To do:
Give the entries back exactly, dropping each image.
***
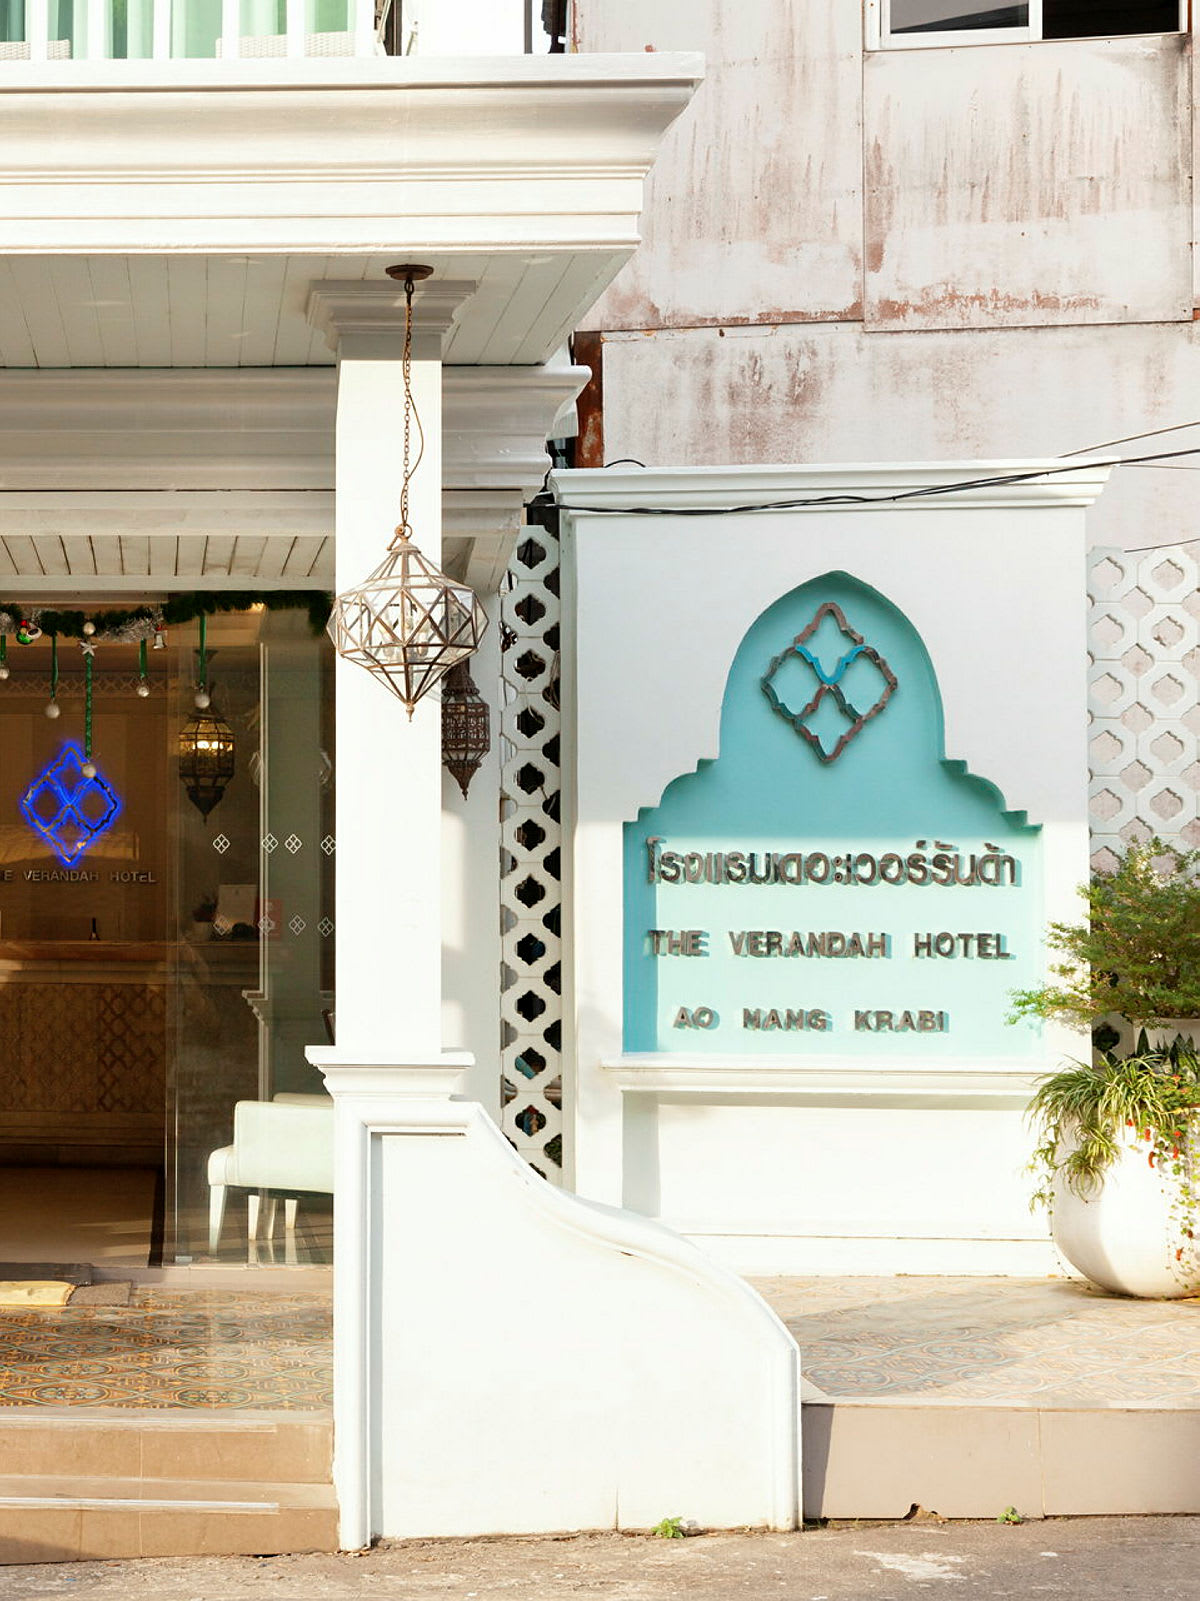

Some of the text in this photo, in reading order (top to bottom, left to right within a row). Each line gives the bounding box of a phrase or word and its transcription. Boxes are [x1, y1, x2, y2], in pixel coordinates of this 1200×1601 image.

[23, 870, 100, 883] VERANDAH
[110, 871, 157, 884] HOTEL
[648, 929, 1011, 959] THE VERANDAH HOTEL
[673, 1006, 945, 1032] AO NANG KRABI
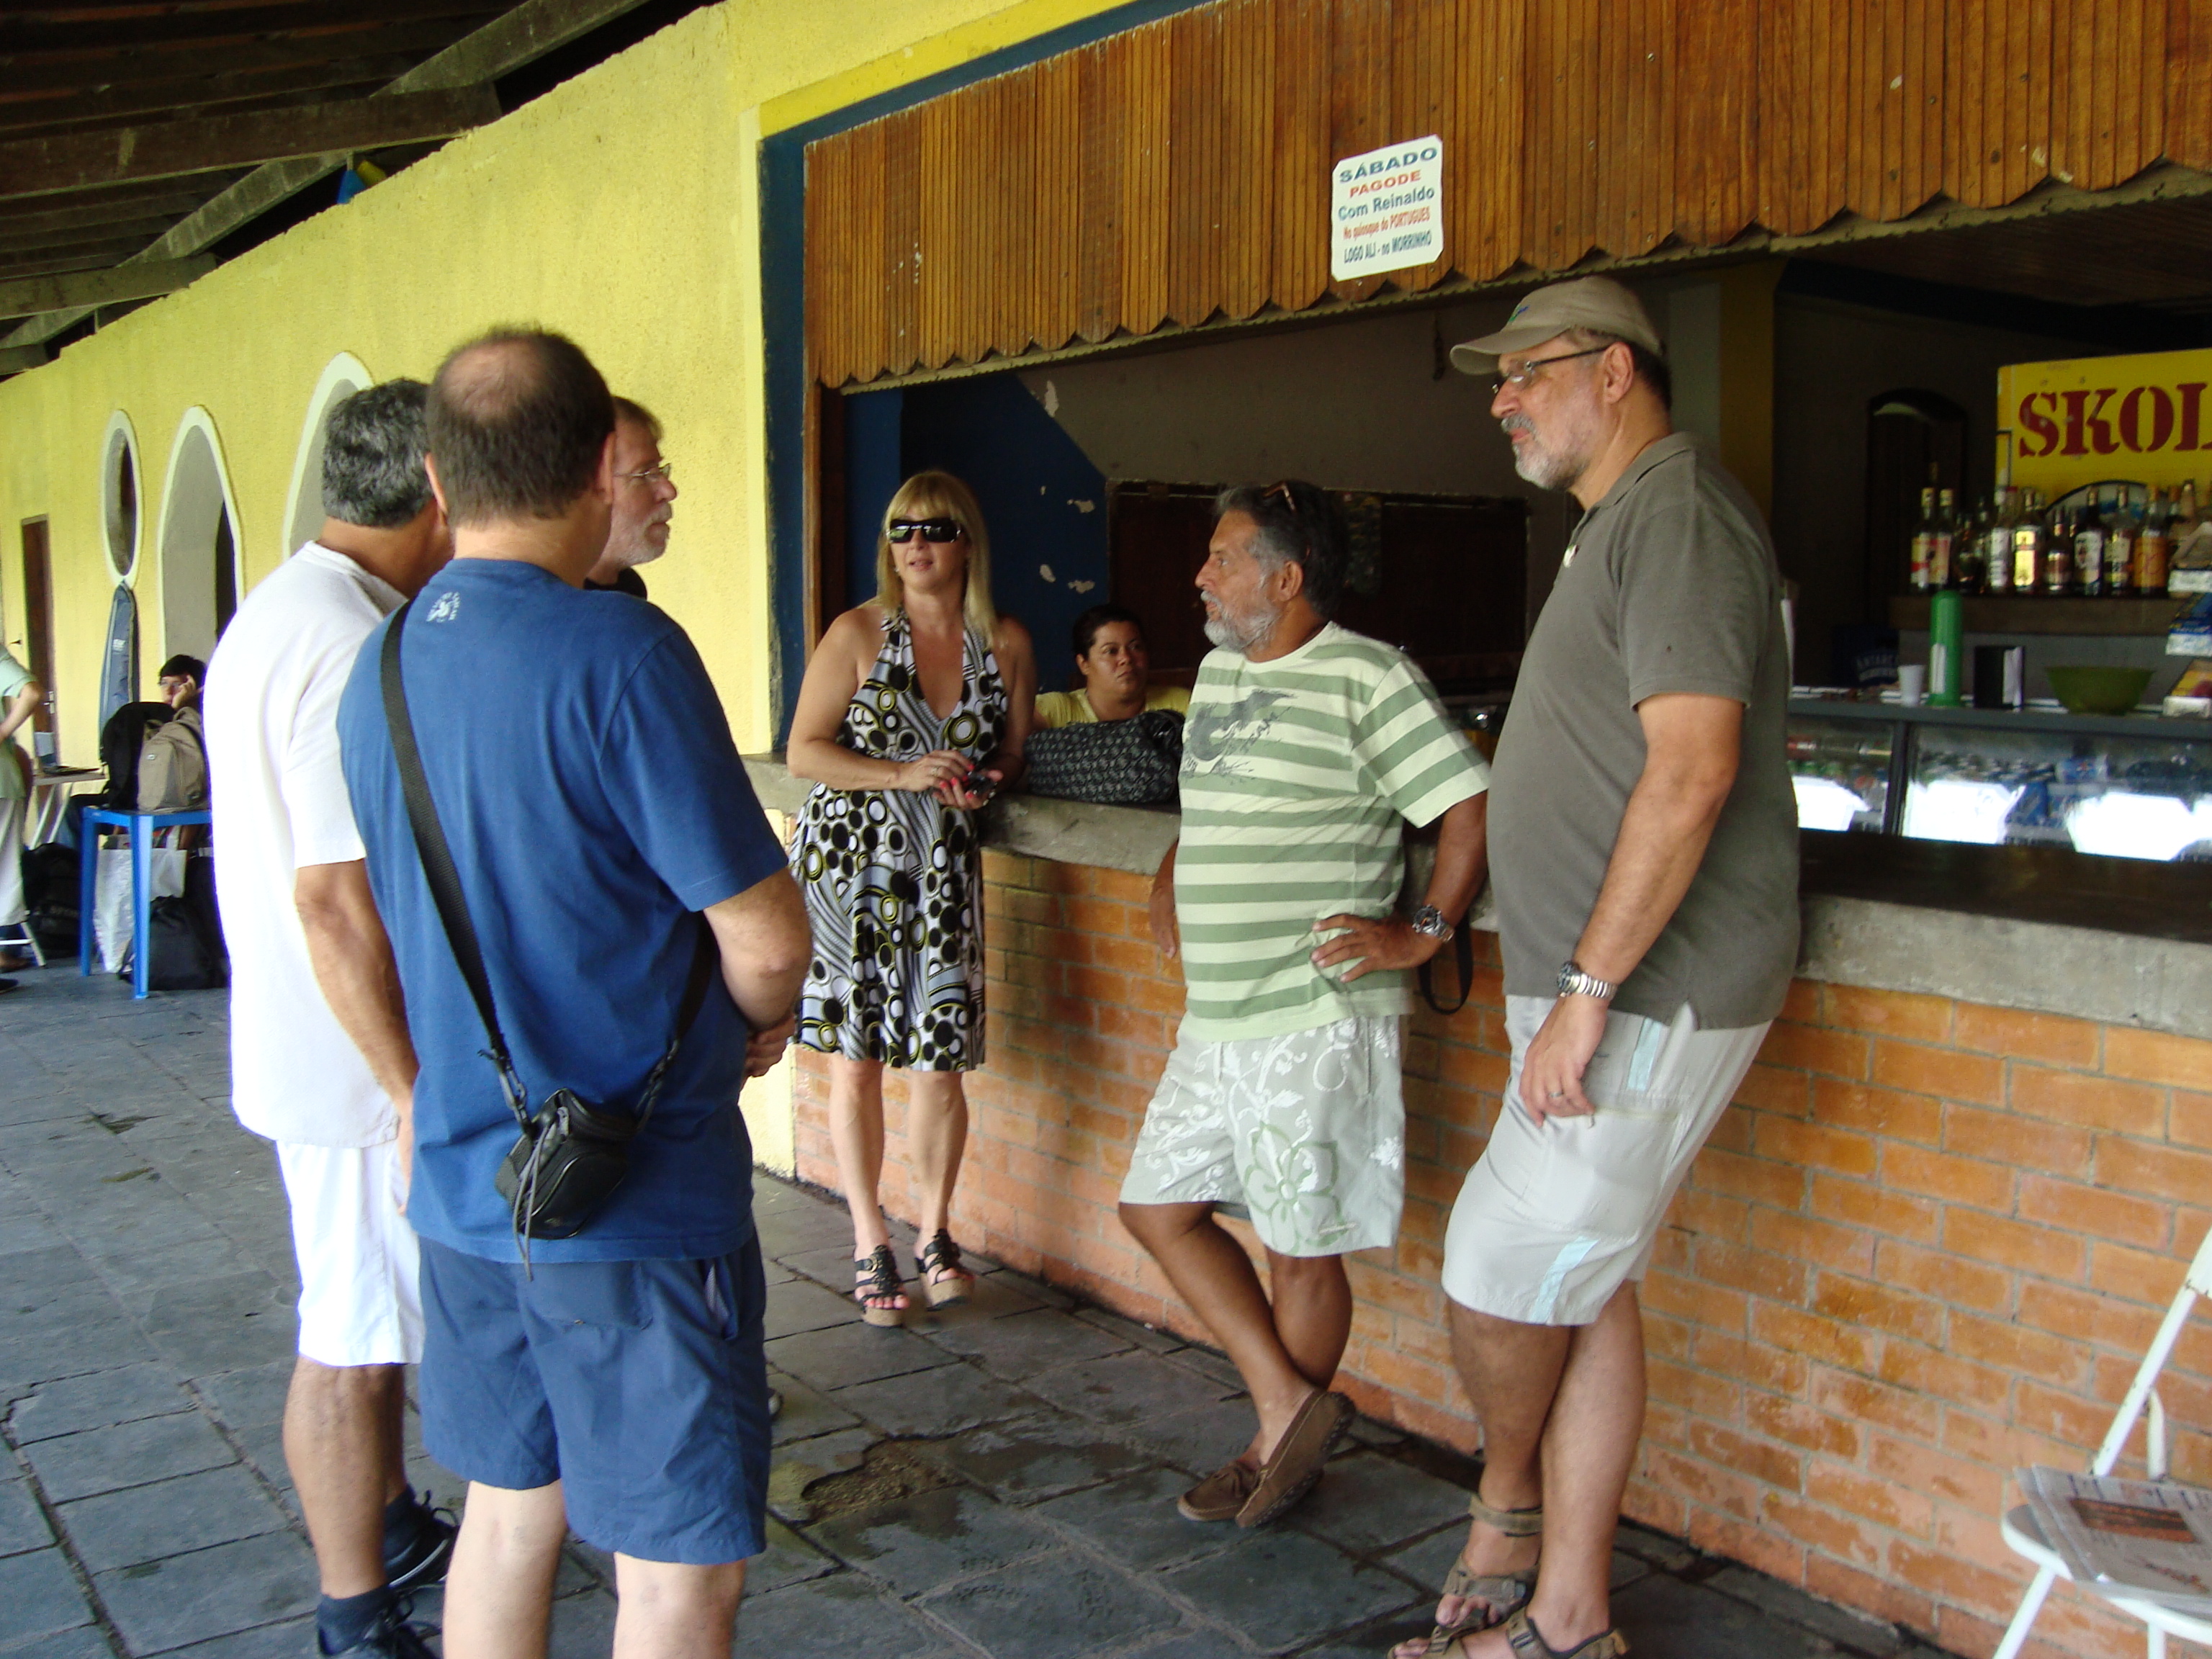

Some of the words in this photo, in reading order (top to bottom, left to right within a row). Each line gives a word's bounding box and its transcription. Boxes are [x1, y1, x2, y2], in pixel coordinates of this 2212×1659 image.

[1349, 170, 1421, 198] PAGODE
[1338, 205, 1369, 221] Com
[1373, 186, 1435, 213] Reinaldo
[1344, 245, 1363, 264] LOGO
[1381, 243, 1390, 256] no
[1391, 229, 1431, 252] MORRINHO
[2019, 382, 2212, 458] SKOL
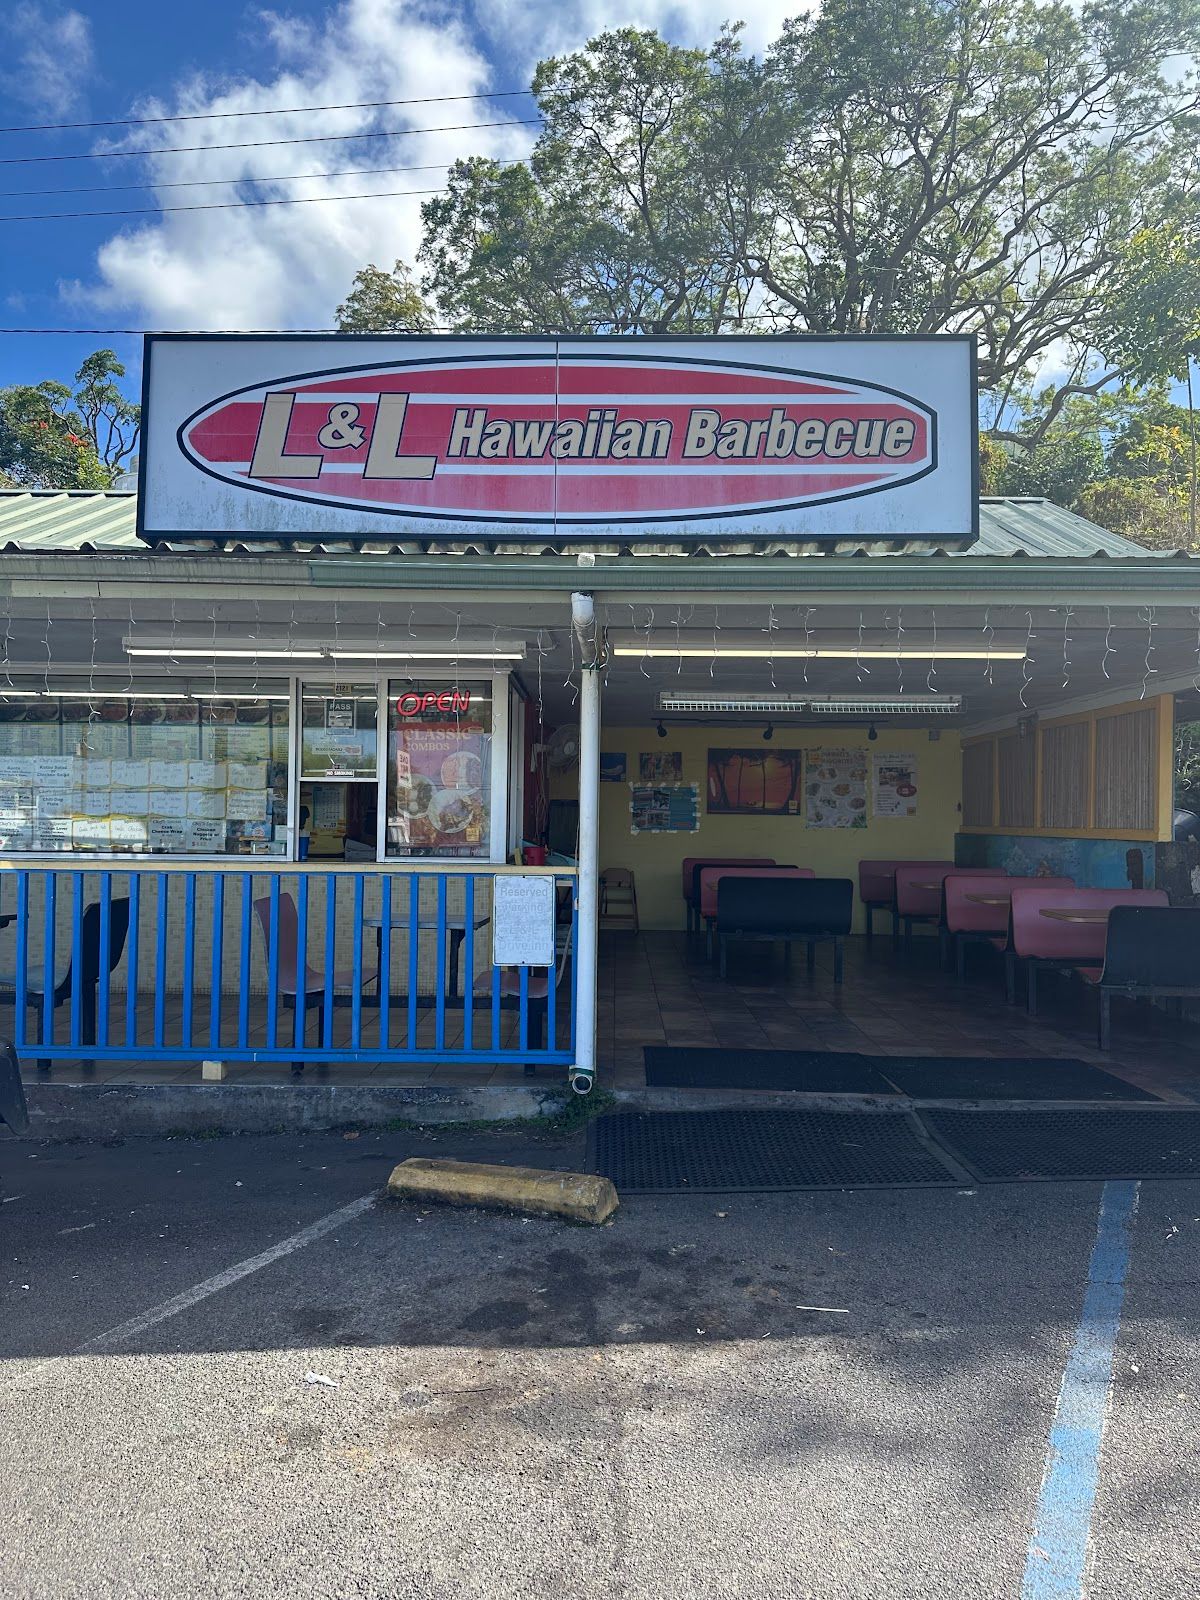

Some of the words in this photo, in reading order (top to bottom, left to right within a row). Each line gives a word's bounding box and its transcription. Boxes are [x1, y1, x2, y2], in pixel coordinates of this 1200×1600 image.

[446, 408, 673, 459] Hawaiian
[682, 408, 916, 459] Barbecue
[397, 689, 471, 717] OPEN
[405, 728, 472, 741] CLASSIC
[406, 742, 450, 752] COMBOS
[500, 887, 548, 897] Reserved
***
Your solution:
Some of the text in this photo, in reading order (top to bottom, left to right within a row). Each line gives the bounding box of a phrase or word and its transcription. Boxes are [x1, y1, x2, y2], in pixel coordinates of this 1200×1601 image.

[23, 870, 100, 883] VERANDAH
[110, 871, 157, 884] HOTEL
[648, 929, 1011, 959] THE VERANDAH HOTEL
[673, 1006, 945, 1032] AO NANG KRABI

Some of the words in this photo, in reading order (top to bottom, left to right within a row). Each line gives a word's bounding box and its transcription. Boxes are [x1, y1, x2, y2], in pixel coordinates of this 2212×1659 image.

[1349, 170, 1421, 198] PAGODE
[1338, 205, 1369, 221] Com
[1373, 186, 1435, 213] Reinaldo
[1344, 245, 1363, 264] LOGO
[1381, 243, 1390, 256] no
[1391, 229, 1431, 252] MORRINHO
[2019, 382, 2212, 458] SKOL

Some of the words in this photo, in reading order (top to bottom, left to right within a row). Each line gives a word's bounding box and its transcription. Boxes are [x1, y1, x2, y2], in pixel coordinates of this 1200×1600 image.

[446, 408, 673, 459] Hawaiian
[682, 408, 916, 459] Barbecue
[397, 689, 471, 717] OPEN
[405, 728, 472, 741] CLASSIC
[406, 742, 450, 752] COMBOS
[500, 887, 548, 897] Reserved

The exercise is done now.